An Erratum to this article was published on 02 September 2013

This article has been updated


Coupled nanomechanical resonators have recently attracted great attention for both practical applications and fundamental studies owing to their sensitive sympathetic oscillation dynamics1,2,3,4,5,6,7,8,9,10. A challenge to the further development of this architecture is the coherent manipulation of the coupled oscillations. Here, we demonstrate strong dynamic coupling between two GaAs-based mechanical resonators by periodically modulating (pumping) the stress using a piezoelectric transducer. This strong coupling enables coherent transfer of phonon populations between the resonators, namely phonon Rabi oscillations11,12,13. The nature of the dynamic coupling can also be tuned from a linear first-order interaction to a nonlinear higher-order process in which more than one pump phonon mediates the coherent oscillations (that is, multi-pump phonon mixing). This coherent manipulation is not only useful for controlling classical oscillations14 but can also be extended to the quantum regime11,12,13, opening up the prospect of entangling two distinct macroscopic mechanical objects15,16.
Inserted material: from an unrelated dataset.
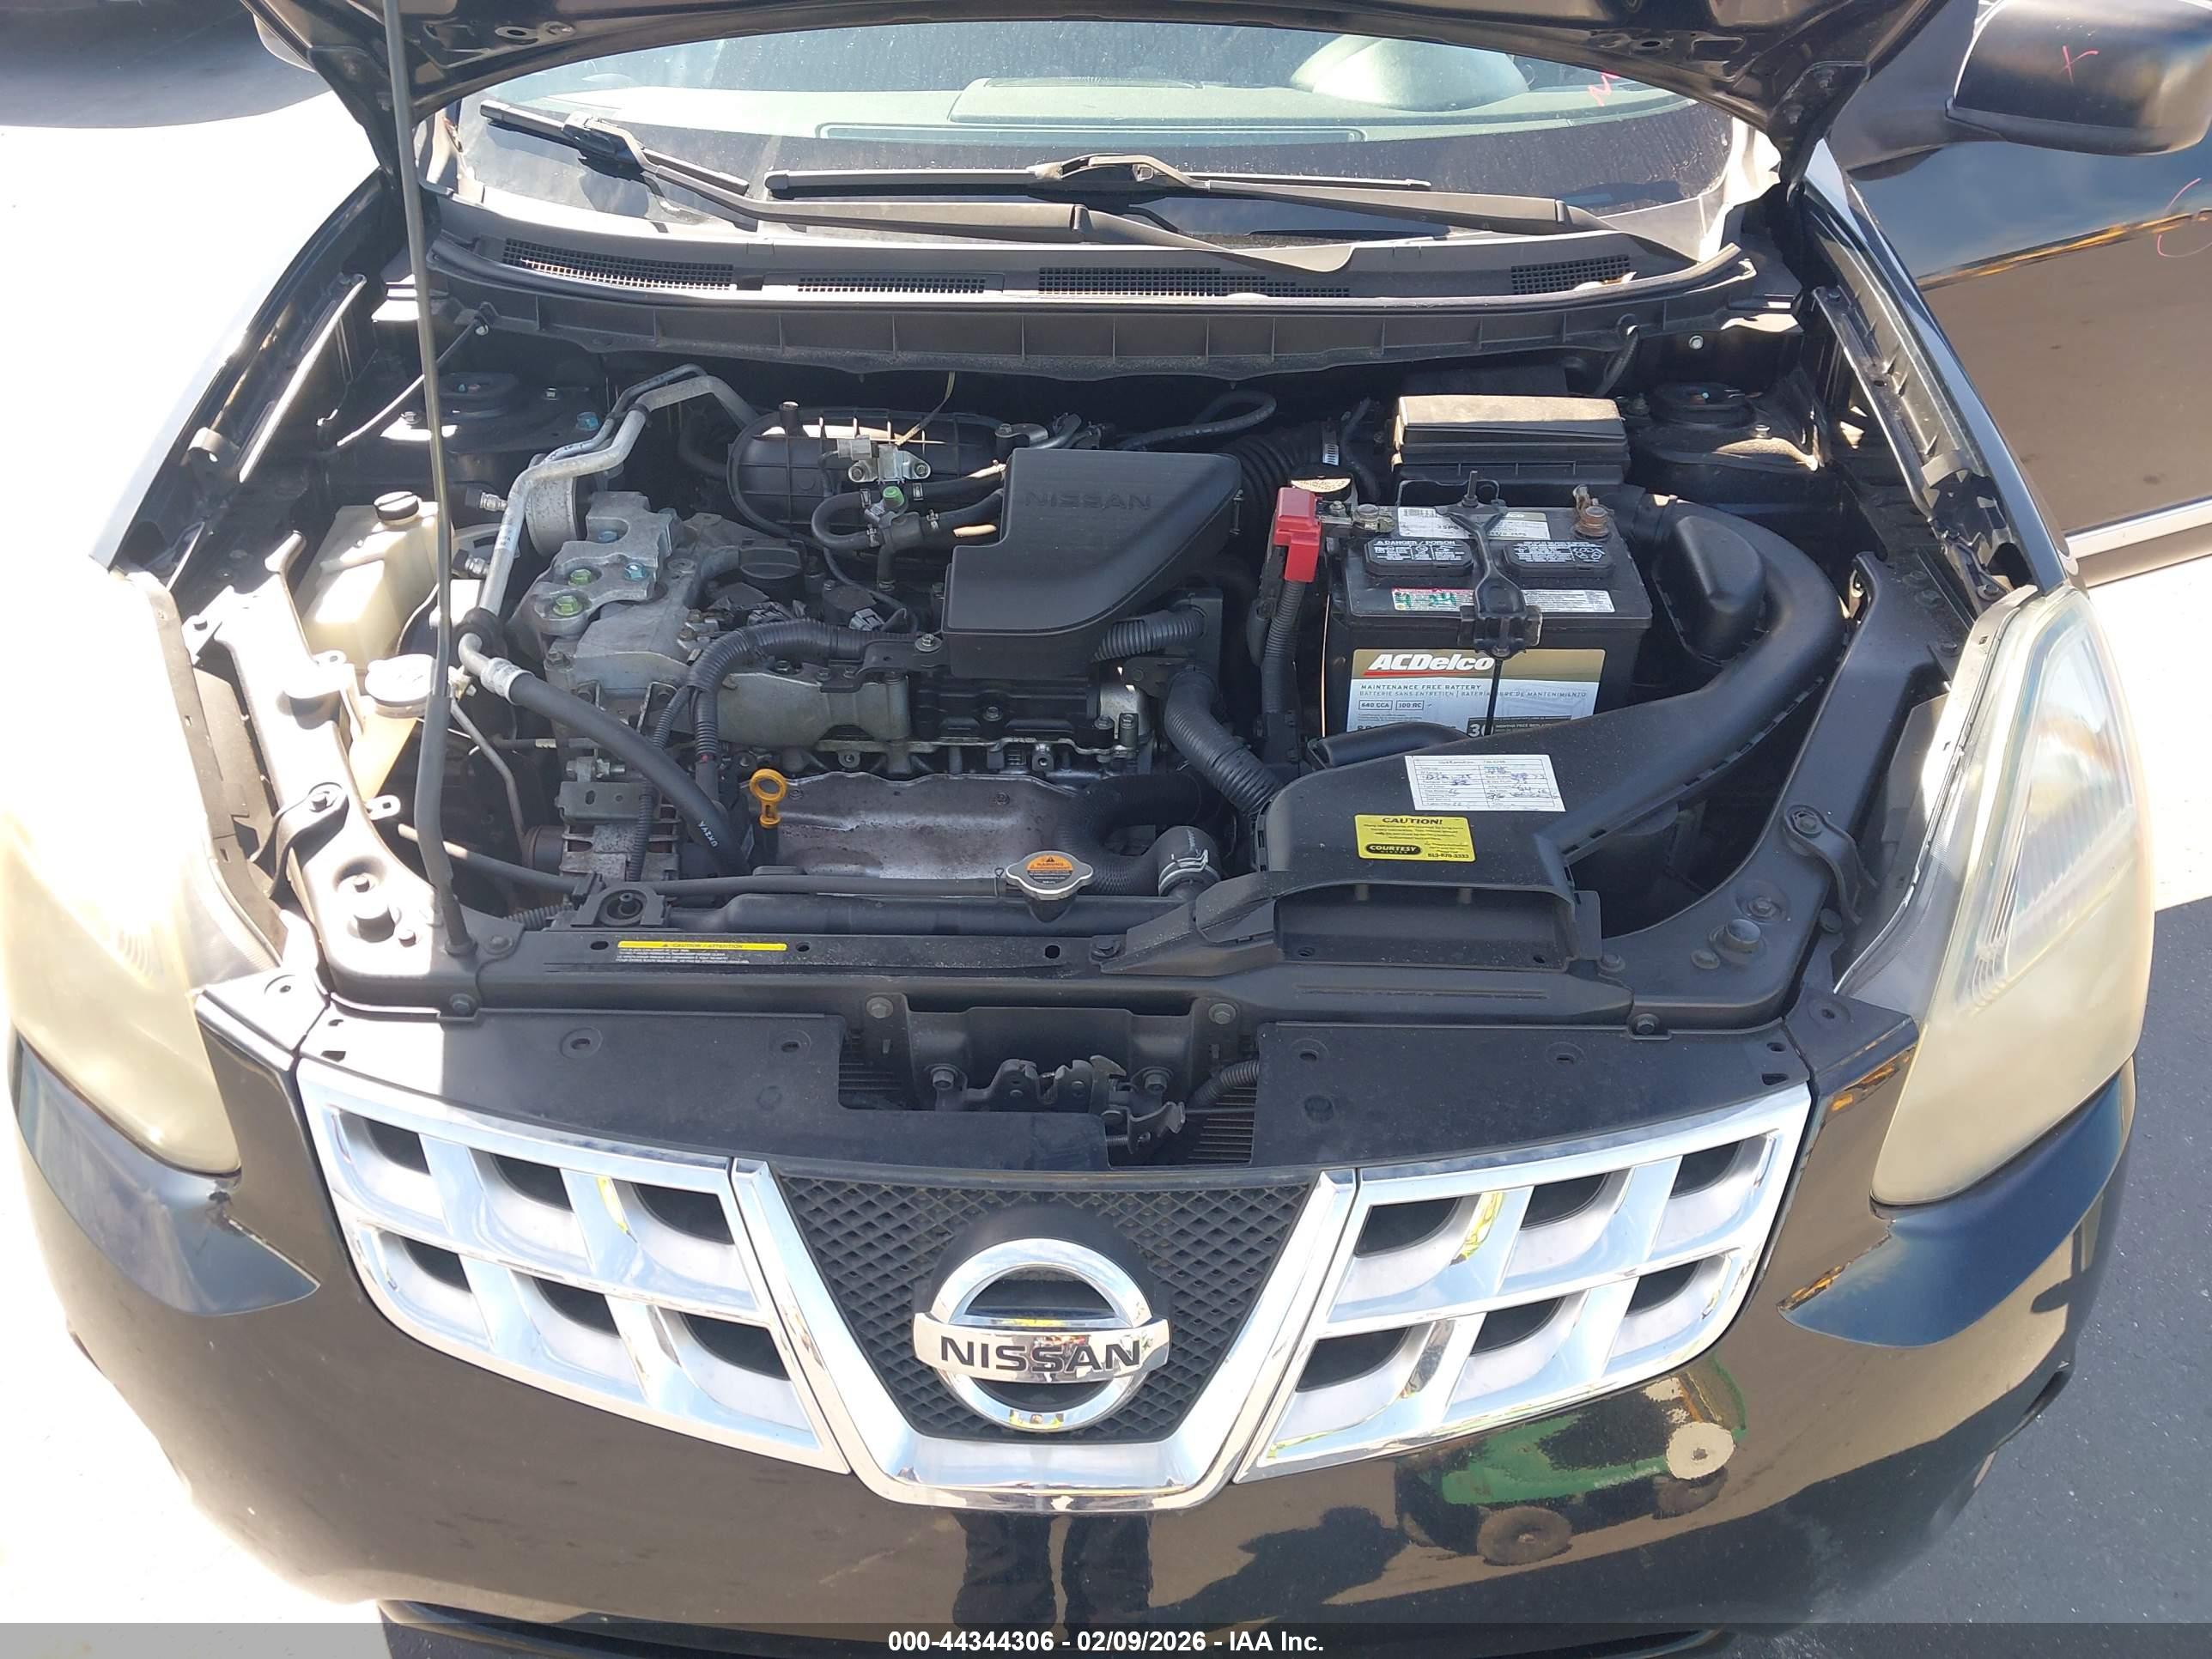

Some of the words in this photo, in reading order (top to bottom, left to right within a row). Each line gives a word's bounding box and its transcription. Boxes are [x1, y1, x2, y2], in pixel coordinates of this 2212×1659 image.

[1024, 491, 1152, 510] NISSAN
[1368, 653, 1495, 671] ACDelco
[940, 1335, 1140, 1373] NISSAN
The mechanical motion of two harmonic oscillators can interact if the oscillators are geometrically interconnected. Such coupled oscillations were first observed in paired pendulum clocks in the mid-seventeenth century and were extensively studied for their novel sympathetic oscillation dynamics17,18. In this era of nanotechnologies, coupled oscillations have again emerged as subjects of interest when realized in nanomechanical resonators owing to their potential applications in highly precise sensors1,2,3, high-quality-factor band-pass filters4, signal amplifiers5 and logic gates6. However, a key obstacle to the further development of this platform is the ability to coherently manipulate the coupling between different mechanical oscillations. This limitation arises as a consequence of the usually weak vibration coupling between the constituent nanomechanical elements. In this Letter, we demonstrate dynamic coupling between two geometrically interconnected GaAs doubly-clamped beams by using piezoelectrically induced parametric mode mixing (pumping)19,20. This technique enables coherent manipulation of phonon populations as well as strong vibration coupling in frequency-different mechanical resonators in which the energy exchange between the two resonators is intrinsically inefficient owing to the frequency mismatch.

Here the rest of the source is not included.